Transcribe the entries exactly. Omit the pictures.

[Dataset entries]
******************************
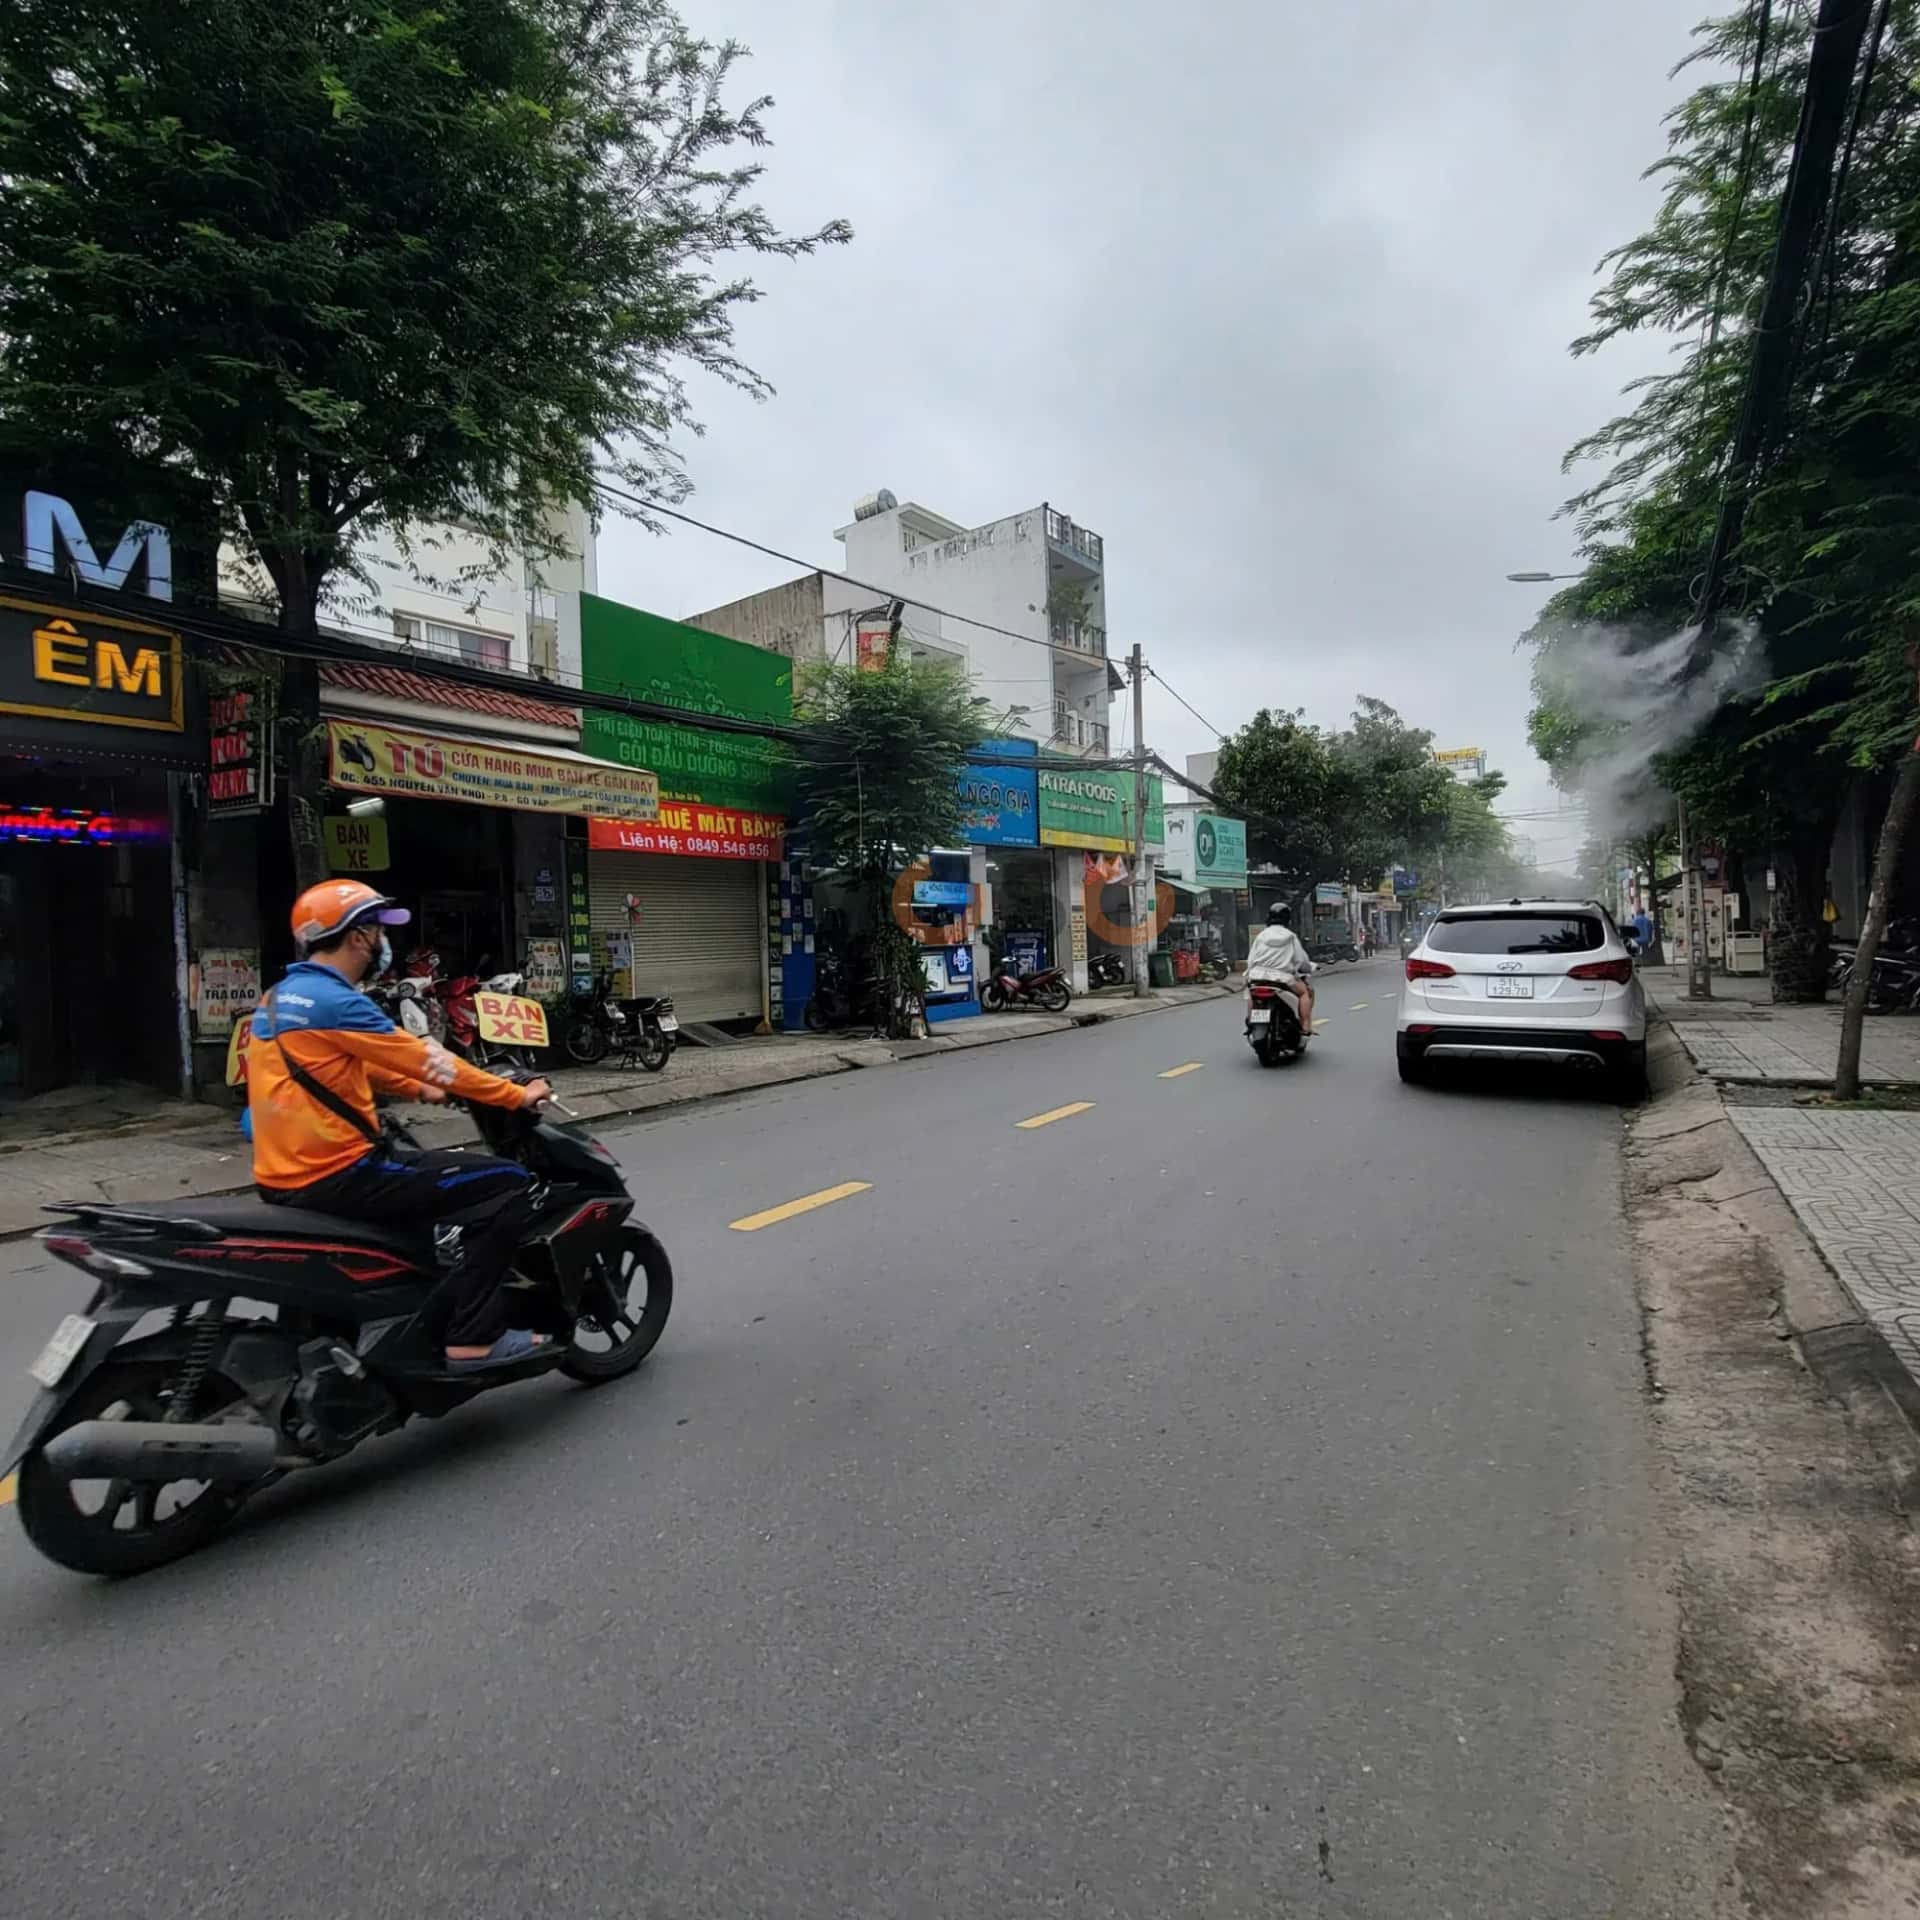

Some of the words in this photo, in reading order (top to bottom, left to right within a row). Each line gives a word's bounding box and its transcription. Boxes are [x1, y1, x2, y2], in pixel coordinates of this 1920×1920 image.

[33, 618, 162, 698] ÊM
[384, 741, 445, 779] TÚ
[526, 763, 554, 780] MUA
[620, 831, 655, 849] Liên
[658, 834, 684, 854] Hệ:
[687, 836, 770, 858] 0849.546.856
[1498, 978, 1520, 987] 51L
[482, 998, 543, 1023] BÁN
[491, 1021, 545, 1043] XE
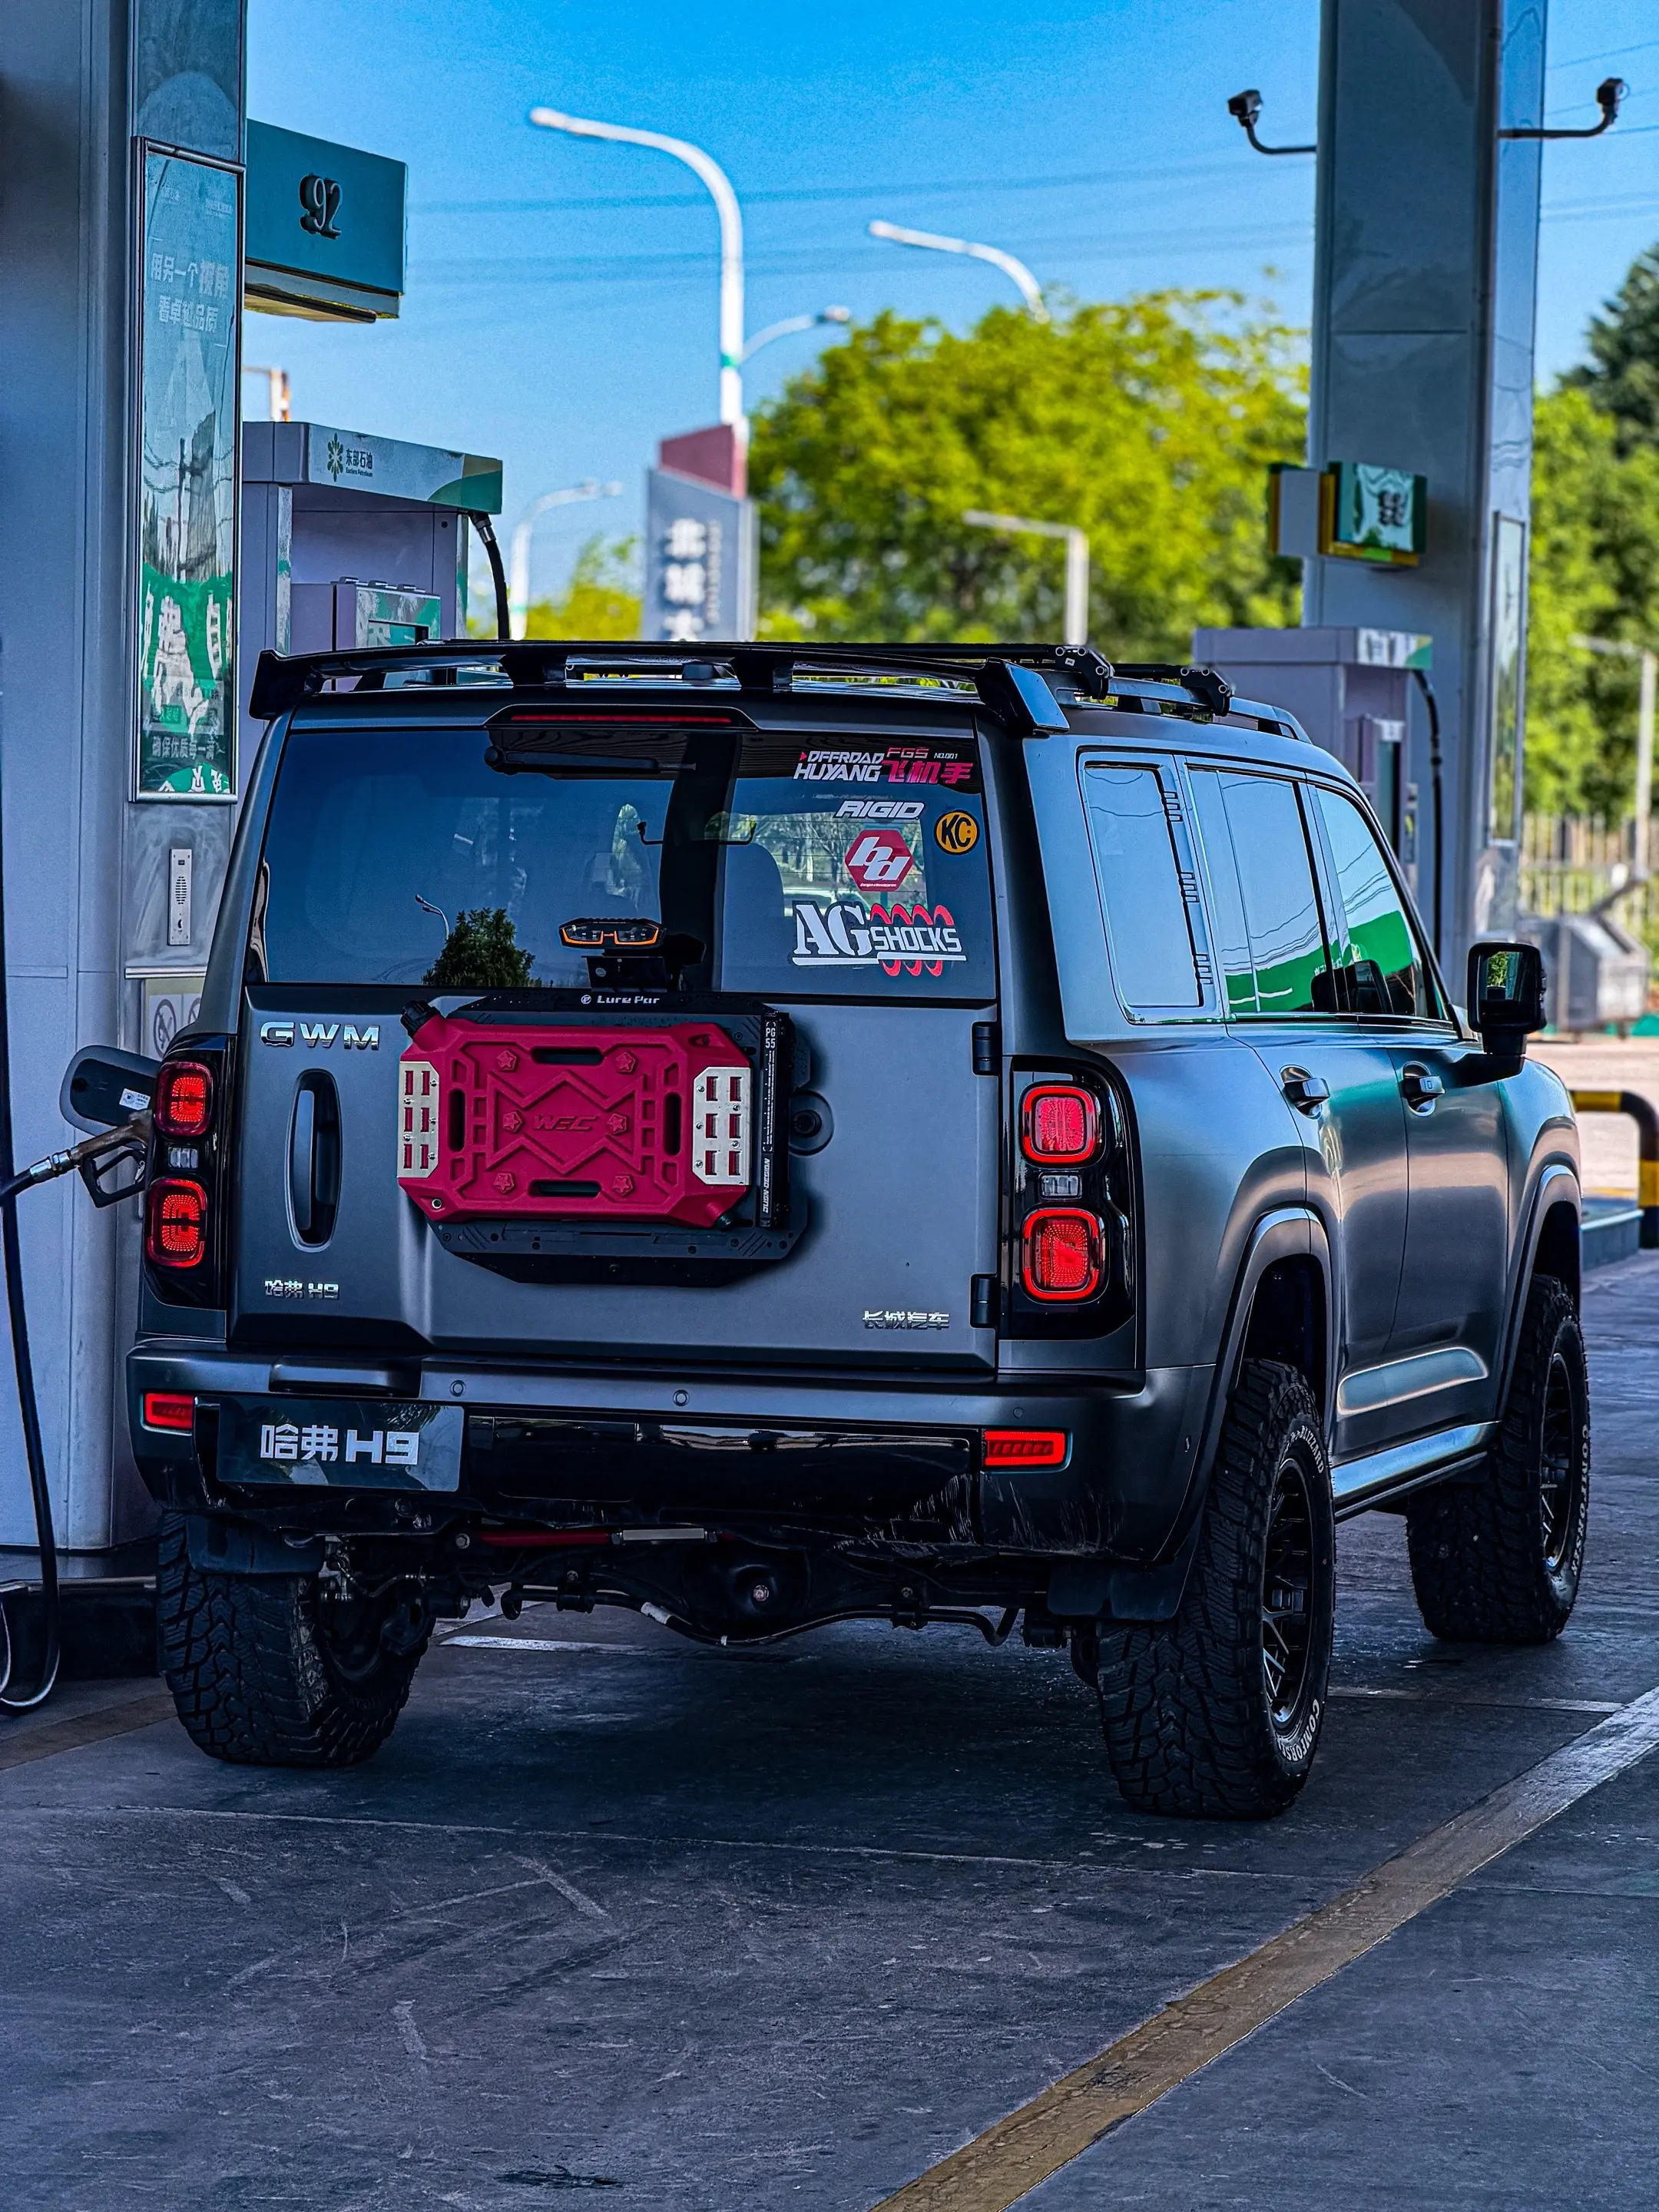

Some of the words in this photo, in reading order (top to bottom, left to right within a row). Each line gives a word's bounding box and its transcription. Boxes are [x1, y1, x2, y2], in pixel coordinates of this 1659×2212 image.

[299, 174, 343, 240] 92
[346, 449, 373, 469] 东部石油
[806, 750, 884, 764] OFFROAD
[886, 747, 929, 759] FGS
[793, 763, 882, 782] HUYANG
[882, 760, 973, 784] 飞机手
[836, 801, 924, 819] RIGID
[260, 1022, 381, 1050] GWM
[765, 1027, 776, 1037] PG
[765, 1038, 776, 1048] 55
[264, 1280, 303, 1299] 哈弗
[308, 1283, 339, 1300] H9
[863, 1310, 951, 1330] 长城汽车
[260, 1425, 339, 1462] 哈弗
[345, 1429, 420, 1465] H9
[1300, 1425, 1324, 1473] BLIZZARD
******************************
ANSWER BOX =
Some of the words in this photo, in reading order (top to bottom, left to right within a row). Each line gives a word's bounding box and its transcription. Boxes are [x1, y1, x2, y2], in pixel coordinates of this 1920×1920 image.

[33, 618, 162, 698] ÊM
[384, 741, 445, 779] TÚ
[526, 763, 554, 780] MUA
[620, 831, 655, 849] Liên
[658, 834, 684, 854] Hệ:
[687, 836, 770, 858] 0849.546.856
[1498, 978, 1520, 987] 51L
[482, 998, 543, 1023] BÁN
[491, 1021, 545, 1043] XE

Some of the words in this photo, in reading order (top to bottom, left to right within a row). Each line gives a word's bounding box and its transcription. Boxes are [x1, y1, x2, y2], in pixel coordinates of this 1659×2212 image.

[299, 174, 343, 240] 92
[346, 449, 373, 469] 东部石油
[806, 750, 884, 764] OFFROAD
[886, 747, 929, 759] FGS
[793, 763, 882, 782] HUYANG
[882, 760, 973, 784] 飞机手
[836, 801, 924, 819] RIGID
[260, 1022, 381, 1050] GWM
[765, 1027, 776, 1037] PG
[765, 1038, 776, 1048] 55
[264, 1280, 303, 1299] 哈弗
[308, 1283, 339, 1300] H9
[863, 1310, 951, 1330] 长城汽车
[260, 1425, 339, 1462] 哈弗
[345, 1429, 420, 1465] H9
[1300, 1425, 1324, 1473] BLIZZARD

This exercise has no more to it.